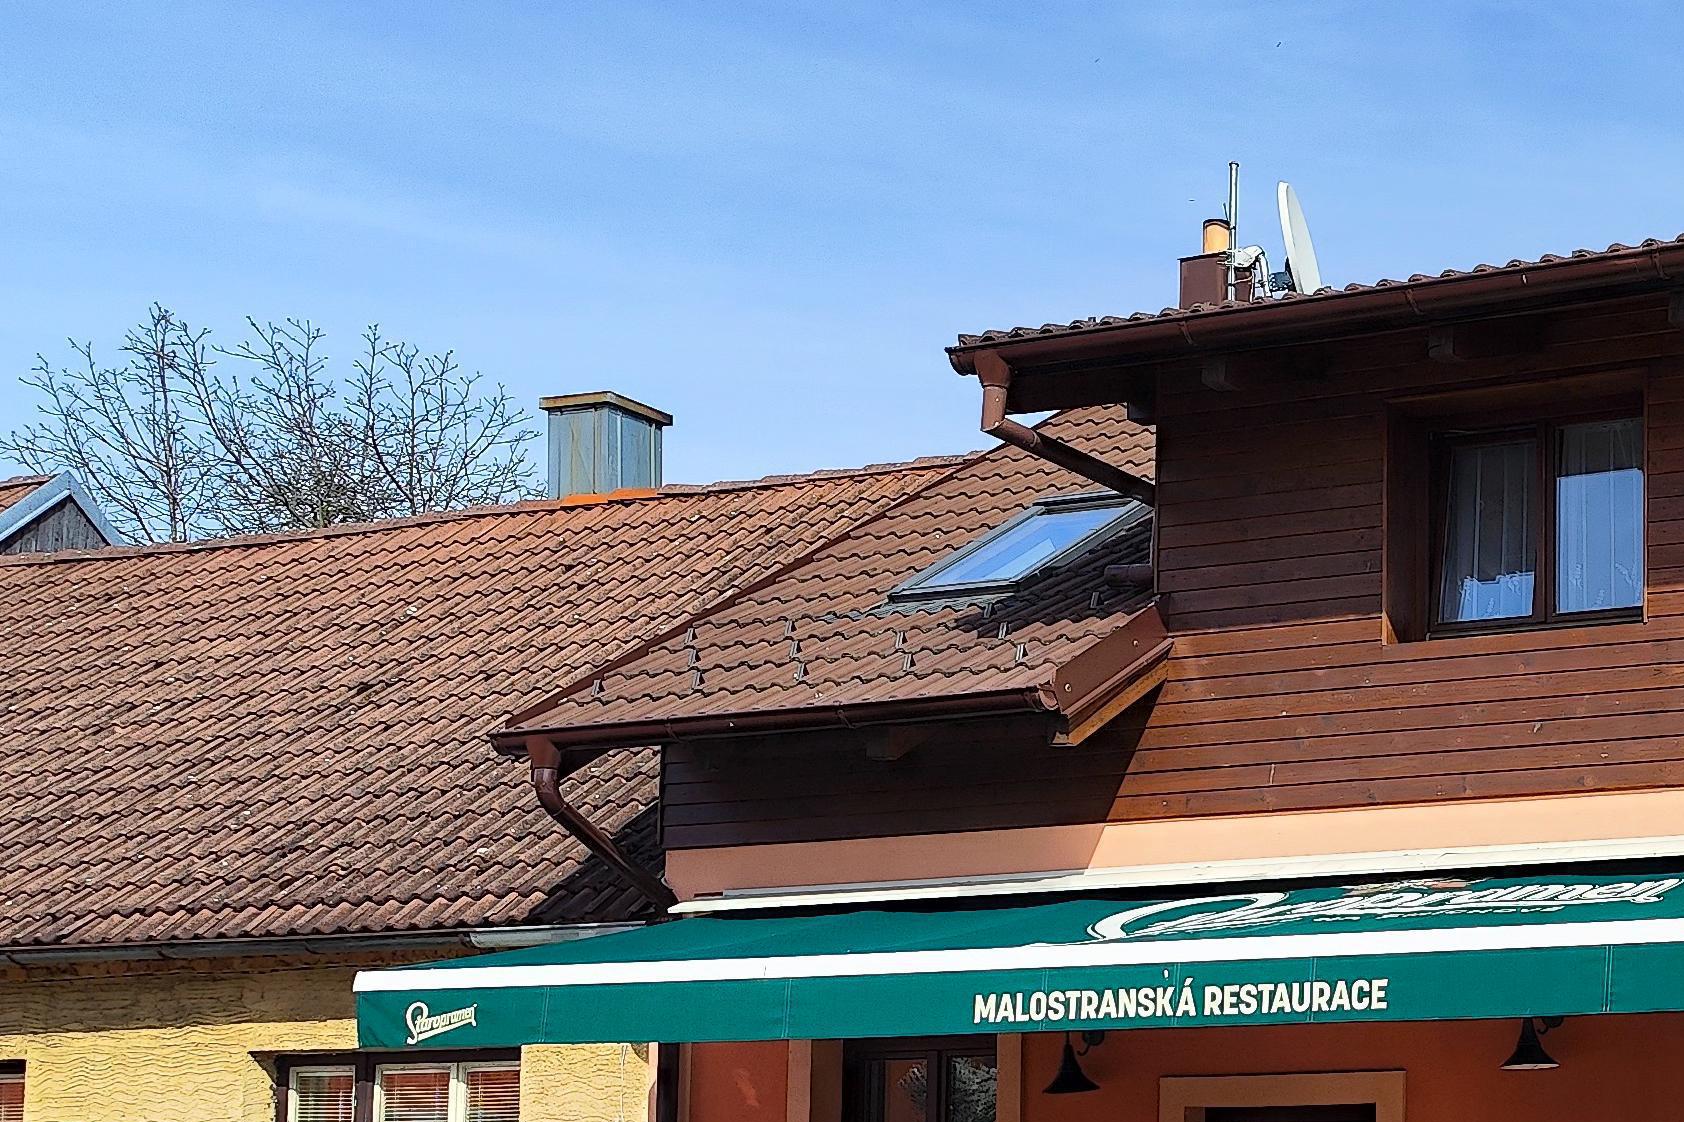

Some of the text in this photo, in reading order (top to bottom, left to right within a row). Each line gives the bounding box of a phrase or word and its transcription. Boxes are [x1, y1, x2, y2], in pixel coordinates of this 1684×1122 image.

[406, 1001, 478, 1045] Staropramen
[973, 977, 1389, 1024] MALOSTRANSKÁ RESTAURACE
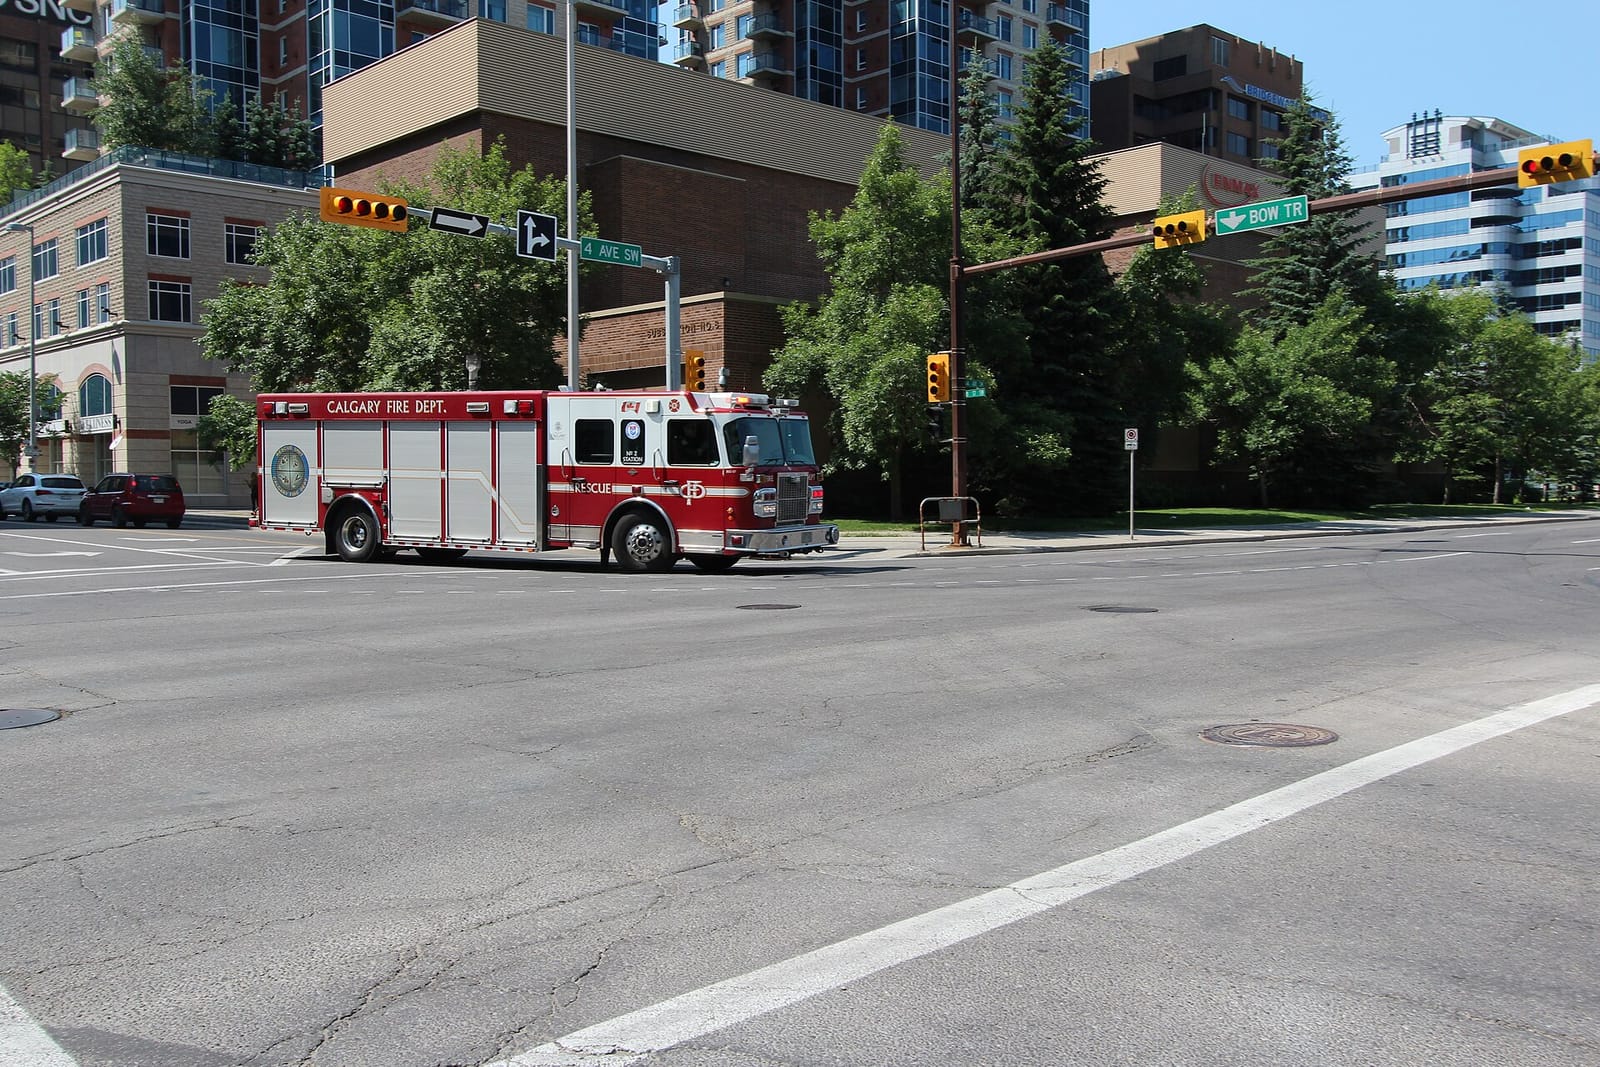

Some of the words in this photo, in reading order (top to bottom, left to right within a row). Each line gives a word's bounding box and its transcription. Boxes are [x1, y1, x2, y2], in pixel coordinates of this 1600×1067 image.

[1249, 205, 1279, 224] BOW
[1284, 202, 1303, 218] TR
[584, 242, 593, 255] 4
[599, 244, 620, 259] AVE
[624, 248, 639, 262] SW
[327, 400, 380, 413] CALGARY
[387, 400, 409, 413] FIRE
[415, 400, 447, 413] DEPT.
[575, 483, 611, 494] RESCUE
- - -
GOAL OF THE EXERCISE ▸ Give the data again exactly as written, with no pictures included.

ANSWER SPACE ▸
Some of the text in this photo, in reading order (top to bottom, left to right within a row). Each line gives the bounding box of a phrase or word and its transcription. Boxes are [x1, y1, x2, y2], in pixel coordinates of this 1684×1122 image.

[406, 1001, 478, 1045] Staropramen
[973, 977, 1389, 1024] MALOSTRANSKÁ RESTAURACE

Some of the words in this photo, in reading order (top to bottom, left to right within a row). Each line gives a word's bounding box and its transcription. Boxes are [x1, y1, x2, y2], in pixel coordinates of this 1600×1067 image.

[1249, 205, 1279, 224] BOW
[1284, 202, 1303, 218] TR
[584, 242, 593, 255] 4
[599, 244, 620, 259] AVE
[624, 248, 639, 262] SW
[327, 400, 380, 413] CALGARY
[387, 400, 409, 413] FIRE
[415, 400, 447, 413] DEPT.
[575, 483, 611, 494] RESCUE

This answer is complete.